Passions run deep on the question of whether the United States should normalize relations with Cuba. Many Cuban Americans lost family property, or worse, when Castro took power, and strongly oppose any opening to Cuba as long as Castro’s Cuban Communist Party remains in power. Younger generations tend to favor normalization, but they lack the political clout of their elders. I went to Cuba feeling ambivalent and returned feeling more enlightened about possible ways forward. Here are some of the things I learned:
- Russia’s influence is fading. The Soviet Union backed Cuba from the 1960s until the USSR fell apart in 1991. That began a long period of economic isolation for Cuba, manifest now in thousands of Havana buildings that are falling down simply because nobody has the money or ownership interest to repair and maintain them. Nor has China recruited Cuba as an ally, as it has other nations in Africa and Latin America.
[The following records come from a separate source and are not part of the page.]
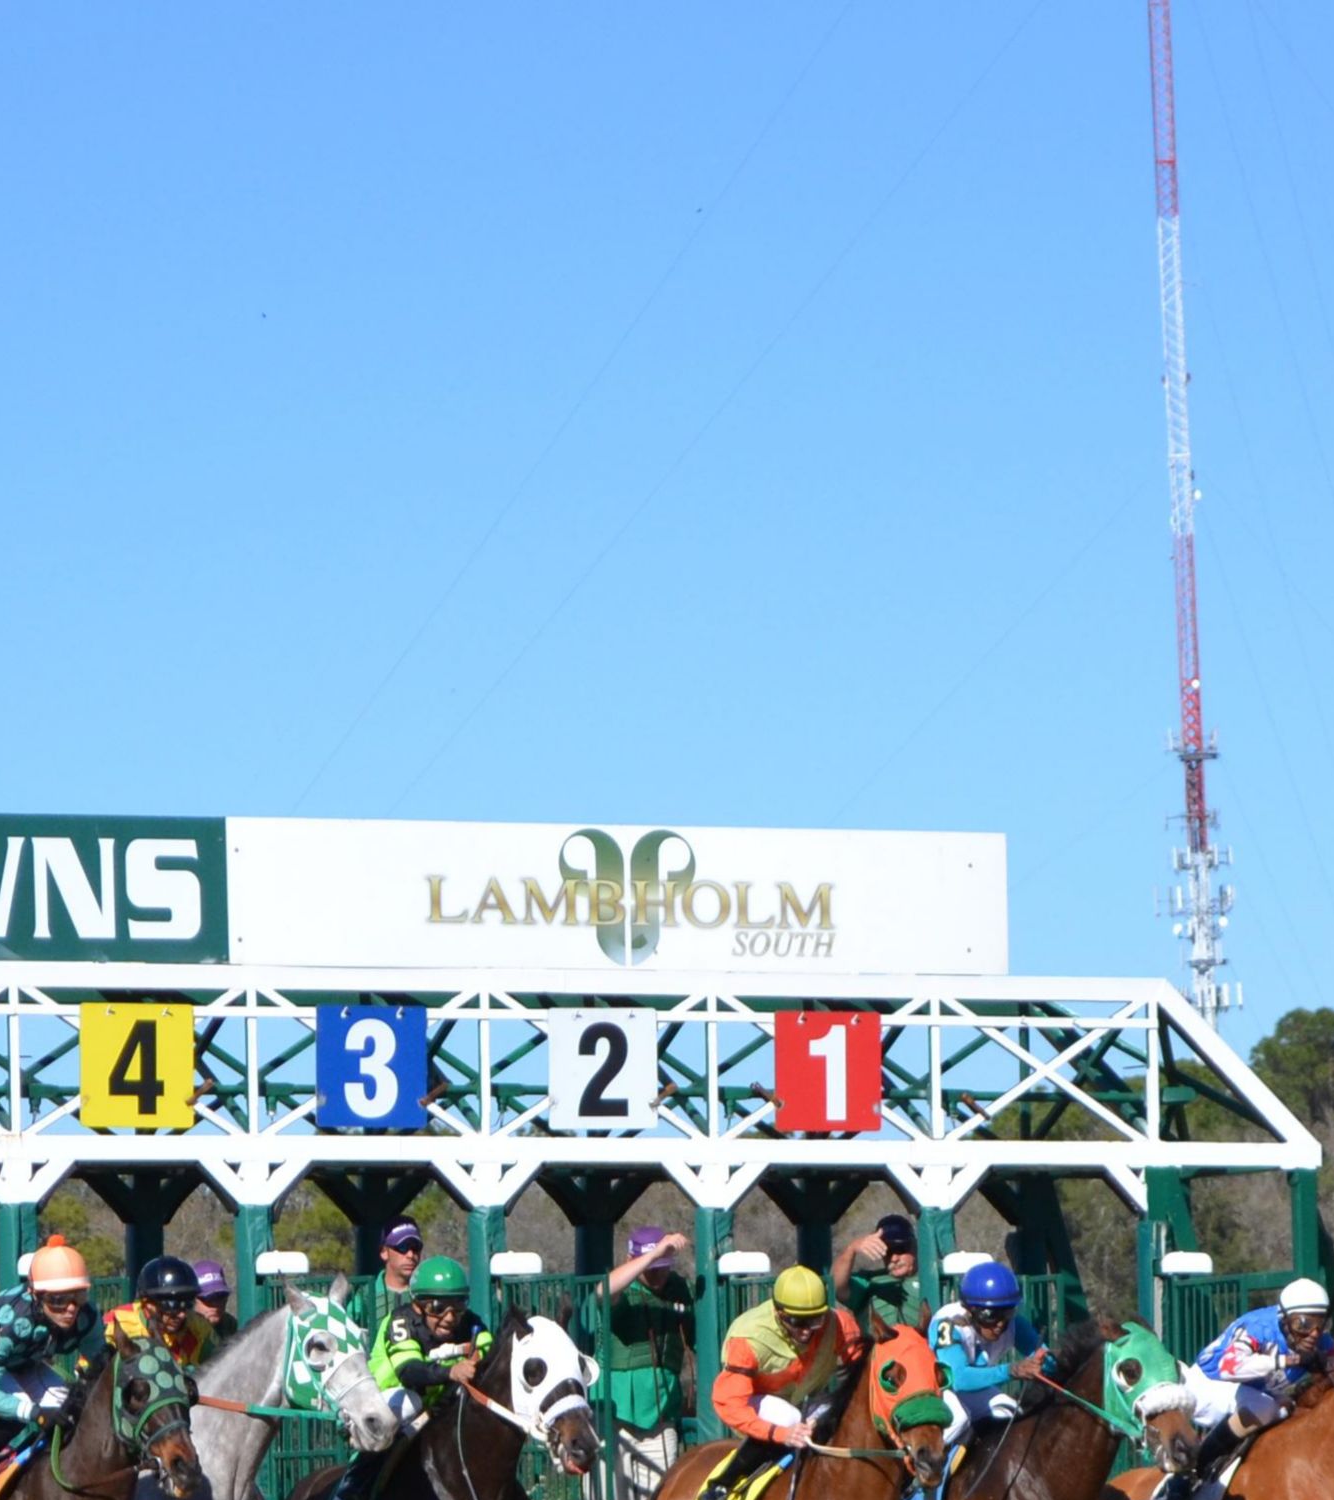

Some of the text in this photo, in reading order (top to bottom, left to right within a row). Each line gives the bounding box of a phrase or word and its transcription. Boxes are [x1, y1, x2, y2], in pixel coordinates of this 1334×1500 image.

[426, 874, 835, 930] LAMBHOLM
[732, 932, 836, 958] SOUTH
[108, 1020, 165, 1115] 4
[344, 1018, 398, 1118] 3
[577, 1022, 628, 1117] 2
[809, 1024, 847, 1121] 1
[392, 1318, 407, 1341] 5
[938, 1321, 951, 1345] 3
- Cuba sure doesn’t feel like a terrorist state. The United States designated Cuba a state sponsor of terrorism in 1982, when it was a close ally of America’s archrival, the Soviet Union. In 2015, President Obama removed that designation as part of a broad rapprochement with Cuba. Trump undid the Obama reopening and put Cuba back on the terrorism list nine days before leaving office in 2021, claiming Cuba harbors fugitives hostile to US interests. The designation automatically triggers sanctions meant to sever the target nation from the global financial system and strangle its economy.
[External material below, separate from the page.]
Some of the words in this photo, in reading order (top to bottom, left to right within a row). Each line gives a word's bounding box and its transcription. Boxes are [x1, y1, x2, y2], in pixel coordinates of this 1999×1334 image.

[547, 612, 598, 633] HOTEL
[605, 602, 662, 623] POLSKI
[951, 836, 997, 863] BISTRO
- There’s a burgeoning private sector. Cubans are allowed to start businesses, earn a profit and accumulate wealth, within limits. “It used to be that talking about the private sector was like talking about the devil, capitalism,” consultant Oniel Díaz Castellanos of the firm Auge Havana told us. “Now, there are more private companies than state-owned. It’s a huge change for a country like Cuba.”
- U.S. sanctions are a huge barrier for private-sector businesses. Cuba may have the world’s heartiest entrepreneurs, because they overcome hurdles many American business owners would find ruinous. There’s a severe shortage of raw materials needed to make stuff inside Cuba, because U.S. sanctions block many imports. A clothing entrepreneur told us the best way to get plain T-shirts for local artists to design is to buy them in bulk out of the country and pack them in luggage on the return flight. An art gallery curator said photographic equipment is so scarce that some shooters leave the country to print their photos. Sometimes there’s no paper to make shopping bags for visitors who patronize gift shops.
- Cubans really want to buy American stuff. Virtually everybody told us this, from the private sector, the government, and big state-owned companies. One government official griped about a fivefold increase in the cost of rice shipped from Asia since 2019, and said, “The normal thing would be for us to buy rice from the U.S., because it’s 90 miles away. But we can’t because of the blockade.” If trade opened up, Cubans would undoubtedly clamor for U.S. food, fuel, medical supplies, industrial equipment, and all kinds of other things.
- You can criticize the government. Many Cubans we met openly criticized the communist government for a variety of things: ubiquitous lines for food and gasoline, routine power outages, the dial-up quality of Internet service, clumsy policies that fail over and over to raise already low living standards. I asked one business owner what’s allowed, exactly. Apparently it’s okay to bash policies but riskier to criticize government individuals by name, which can garner a jail sentence. Still, to be safe, you’ll notice that I’m quoting many people anonymously, so I’m not the one who tests their freedom of speech.
- There’s a model for what Cuba might become. It’s Vietnam. The United States suffered nearly 60,000 fatalities during the brutal war in Vietnam in the 1960s and ’70s. Yet it restored trade relations with Vietnam in 1994, when it was still led by the communist government that effectively drove U.S. forces out. U.S. trade with Vietnam now includes $10 billion of exports per year and $80 billion of imports. If the United States can do business with a former military foe on the other side of the world, it can certainly improve ties with a recovering Soviet sidekick just 90 nautical miles away.